Deception via absence is compounded by confusion via abundance. Instead of a simple, text based flow diagram as I have produced above, the authors produce the following monstrosity in which it is impossible to tell whether injections precede or follow Alpha and Delta infections:
Finally, this ostensible comparison of inter-exposure cross-immunity against (the future variant) BA.1 is unnecessarily and confusingly described in relation to the variants being encountered, leading to abundant and misleading use of “reduced” to describe antibodies or cellular responses against Omicron in individuals who haven’t even encountered it yet.
Furthermore, immune imprinting after B.1.1.7 (Alpha) infection resulted in reduced [compared to what?] durability of antibody binding against B.1.1.529 (Omicron), and S1 RBD and whole spike VOC binding correlated poorly with live virus nAb potency. Half of triple-vaccinated HCWs showed no T cell response to B.1.1.529 (Omicron) S1 processed antigen, and all showed reduced [compared to what?] responses to the B.1.1.529 (Omicron) peptide pool, irrespective of SARS-CoV-2 infection history. […]
We found differences in immune imprinting indicating that those who were infected during the ancestral Wuhan Hu-1 wave showed a significantly reduced [compared to what?] anti-RBD titer against B.1.351 (Beta), P.1 (Gamma), and B.1.1.529 (Omicron) compared with infection-naïve HCWs [oh!] […] However, cross-reactive S1 RBD immunoglobulin G (IgG) antibody and nAb IC50 against B.1.1.529 (Omicron) were significantly reduced compared with the other VOCs, irrespective of previous SARS-CoV-2 infection history [Great! Now just give me nine hours to “redu” all your work to understand why these two back-to-back but non-parallel ‘reductions’ are anything more than publisher-bait!]
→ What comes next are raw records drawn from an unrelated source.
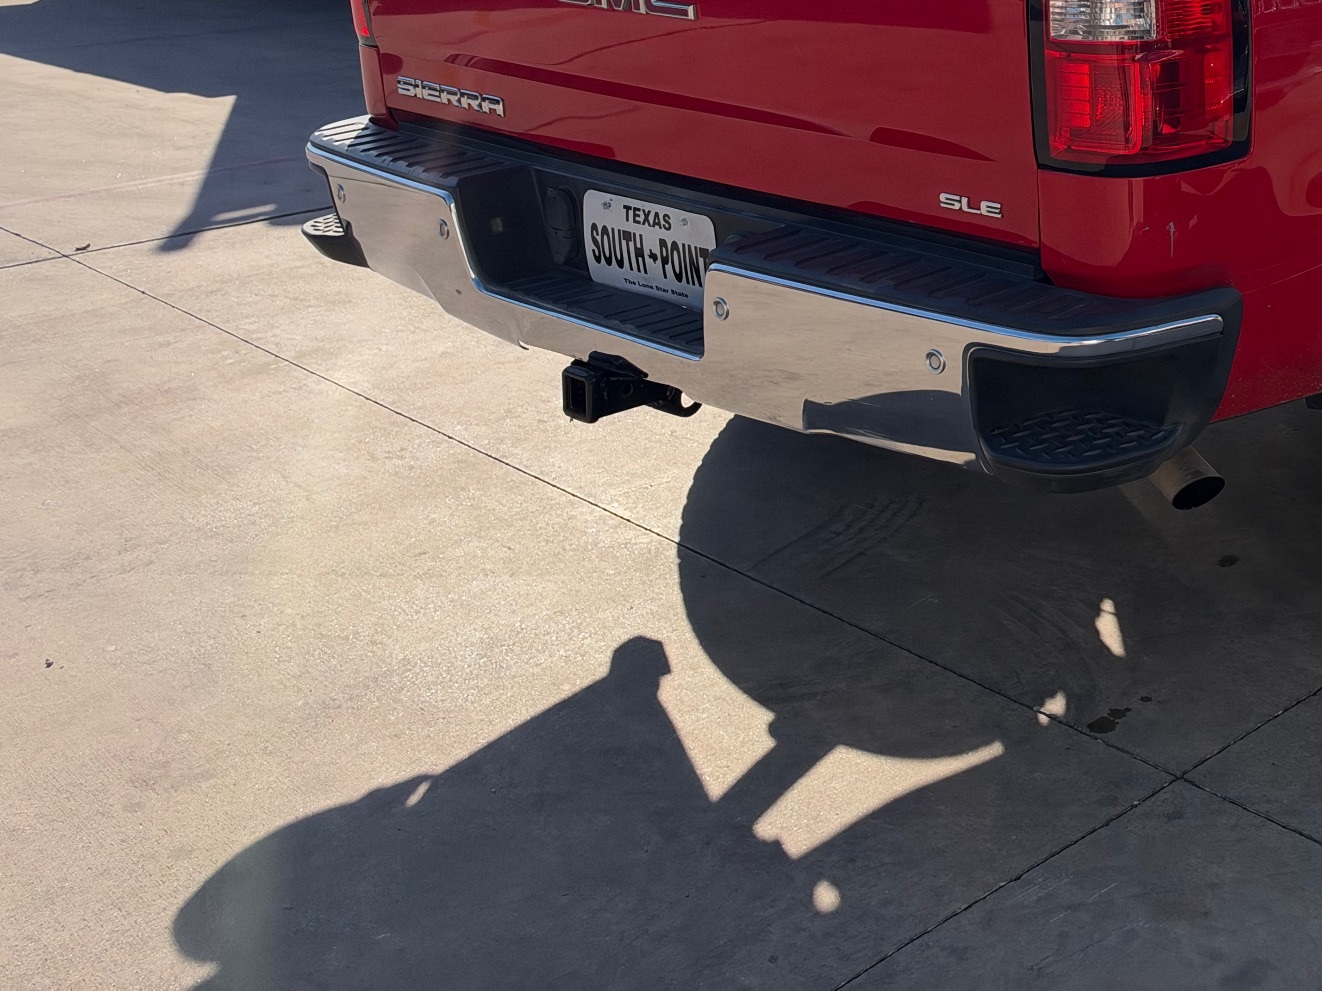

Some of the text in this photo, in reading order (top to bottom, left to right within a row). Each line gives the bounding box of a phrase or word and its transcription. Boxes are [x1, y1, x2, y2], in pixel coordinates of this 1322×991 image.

[397, 75, 504, 118] SIERRA
[622, 204, 671, 231] TEXAS
[939, 192, 1002, 219] SLE
[590, 222, 710, 288] SOUTH POINT
[623, 278, 689, 298] The Lone Star State
Intervals, PCR+ to sampling for not-previously infected “Omicron” wavers; Wuhan/BA.1 titer
ID011 Dec 27 PCR+, Jan 7 sample: 11 days; 290179/75464
ID013 Dec 29 PCR+, Jan 6 sample: 8 days; 430958/117978
ID019 Dec 20 PCR+, Jan 7 sample: 18 days; 324762/75579
ID023 Dec 29 PCR+, Jan 12 sample: 14 days; 553981/131700
ID025 Dec 22 PCR+, Jan 10 sample: 19 days; 476124/125510
ID036 Dec 19 PCR+, Jan 10 sample: 22 days; 1602307/185163
ID038 Dec 18 PCR+, Jan 24 sample: 39 days; 834921/186899
ID064 Jan 8 PCR+, Jan 21 sample: 13 days; 440358/105935
ID072 Dec 21 PCR+, Jan 6 sample: 16 days; 1066535/240809
ID077 Dec 22 PCR+, Jan 12 sample: 21 days; 449839/92170
ID085 Dec 29 PCR+, Jan 10 sample: 12 days; 419348/110253
This can be contrasted with the “imprinting” study conducted in-house by BioNTech: All samples were taken 44 - 46 days post-infection, and neutralization vs. BA.1 was just as high as vs. Wuhan.
In general it really is strange how such studies are being used almost like reading tea leaves and predicting. Yeah, Wuhan spike vaccines will boost Wuhan more than Omicron, which we know is already a pretty big escape variant and yet we are shocked. I think the biggest problem with these types of studies is that it muddies the waters even further. It's another example of trying to extrapolate and argue in favor of OAS but in a manner that's super messy, and in the end just makes you scratch your head more than understand how the researchers came to such conclusions.
Thanks once again Brian! I hate bullshit, whether it comes from the pro mRNA vax side or from the opponents. It's so destructive. It's actually stunning how shoddy is the thinking on so many publications.